Collected data:
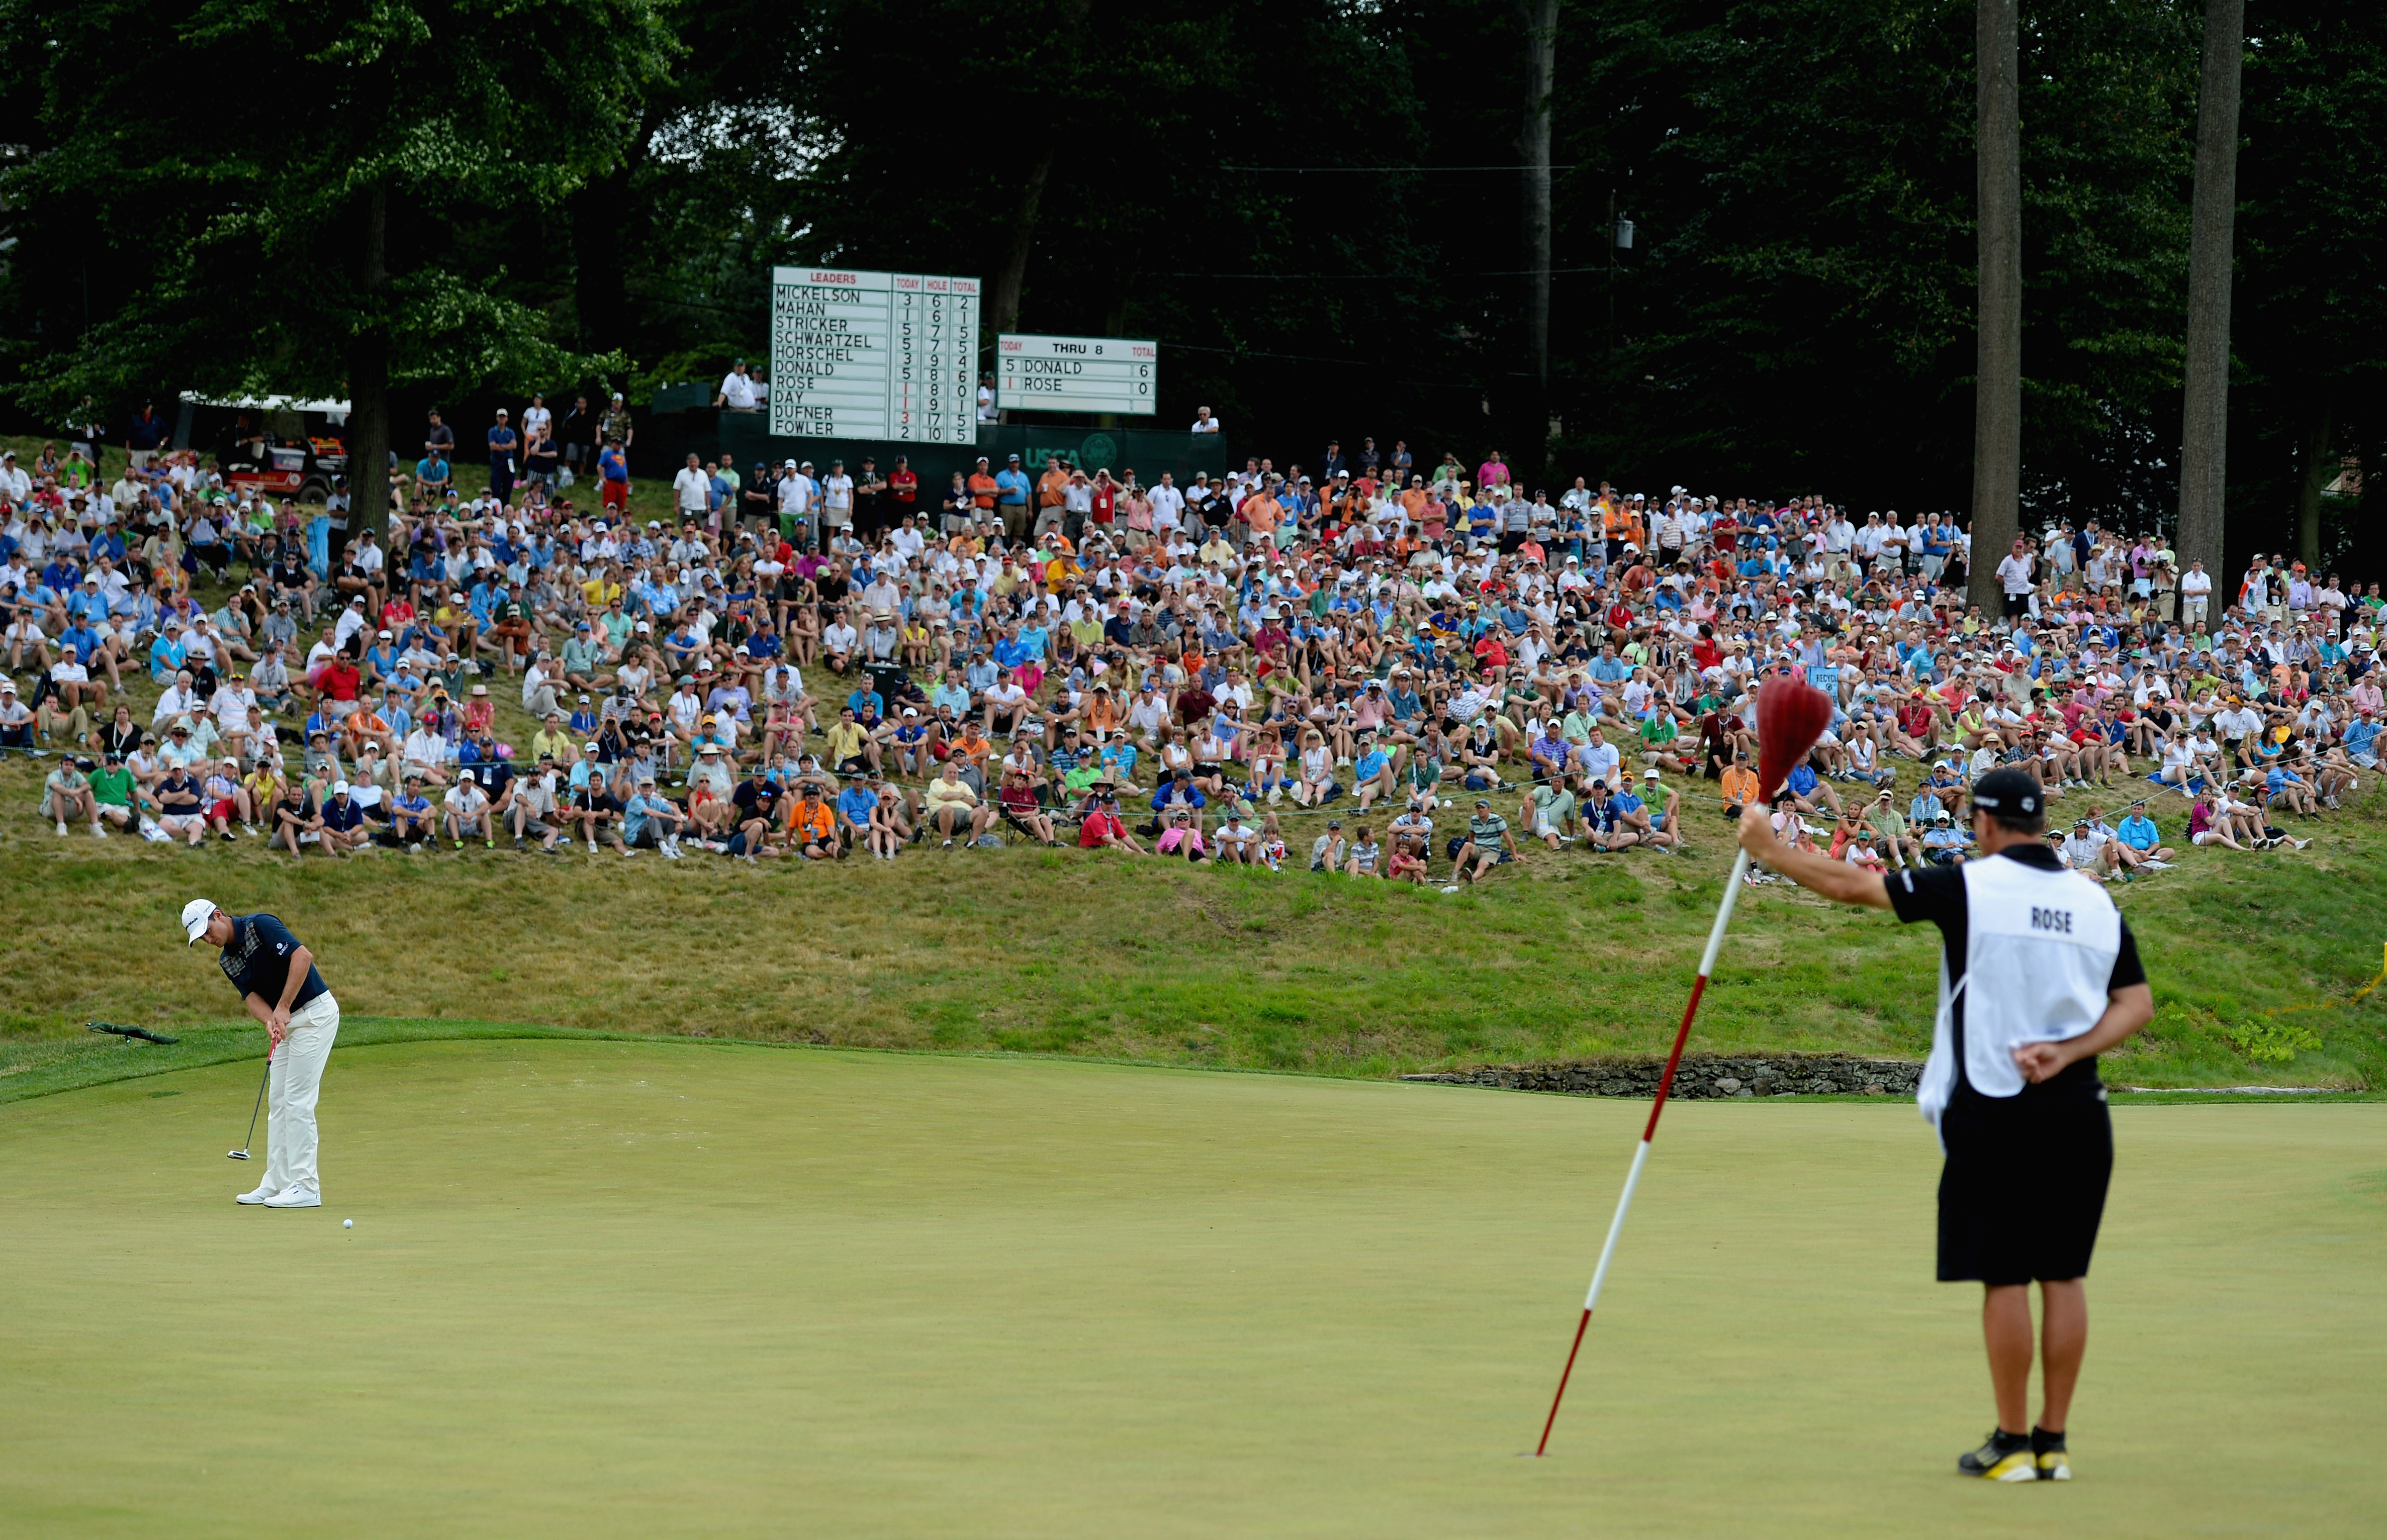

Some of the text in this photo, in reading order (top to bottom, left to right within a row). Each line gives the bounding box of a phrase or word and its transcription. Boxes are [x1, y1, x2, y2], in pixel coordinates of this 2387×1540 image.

[810, 272, 976, 293] LEADERS TODAY HOLE TOTAL
[777, 286, 967, 310] MICKELSON 3 6 2
[776, 301, 825, 316] MAHAN
[933, 310, 941, 323] 6
[775, 316, 968, 339] STRICKER 5 7 5
[775, 331, 967, 353] SCHWARTZEL 5 7 5
[999, 341, 1155, 357] TODAY THRU 8 TOTAL
[775, 346, 966, 368] HORSCHEL 3 9 4
[775, 360, 966, 383] DONALD 5 8 6
[1006, 359, 1148, 377] 5 DONALD 6
[777, 376, 814, 389] ROSE
[931, 383, 938, 396] 8
[958, 385, 966, 398] 0
[1025, 378, 1062, 391] ROSE
[1139, 382, 1147, 395] 0
[775, 391, 804, 404] DAY
[930, 398, 938, 411] 9
[775, 406, 966, 427] DUFNER 3 17 5
[775, 421, 965, 441] FOWLER 2 10 5
[1816, 674, 1839, 682] RECYCL
[2032, 906, 2072, 934] ROSE

Assignment
Write out every record exactly. Leave the pictures out.

Solution for this task
Some of the text in this photo, in reading order (top to bottom, left to right within a row). Each line gives the bounding box of a phrase or word and its transcription. Boxes are [x1, y1, x2, y2], in pixel coordinates of this 2387×1540 image.

[810, 272, 976, 293] LEADERS TODAY HOLE TOTAL
[777, 286, 967, 310] MICKELSON 3 6 2
[776, 301, 825, 316] MAHAN
[933, 310, 941, 323] 6
[775, 316, 968, 339] STRICKER 5 7 5
[775, 331, 967, 353] SCHWARTZEL 5 7 5
[999, 341, 1155, 357] TODAY THRU 8 TOTAL
[775, 346, 966, 368] HORSCHEL 3 9 4
[775, 360, 966, 383] DONALD 5 8 6
[1006, 359, 1148, 377] 5 DONALD 6
[777, 376, 814, 389] ROSE
[931, 383, 938, 396] 8
[958, 385, 966, 398] 0
[1025, 378, 1062, 391] ROSE
[1139, 382, 1147, 395] 0
[775, 391, 804, 404] DAY
[930, 398, 938, 411] 9
[775, 406, 966, 427] DUFNER 3 17 5
[775, 421, 965, 441] FOWLER 2 10 5
[1816, 674, 1839, 682] RECYCL
[2032, 906, 2072, 934] ROSE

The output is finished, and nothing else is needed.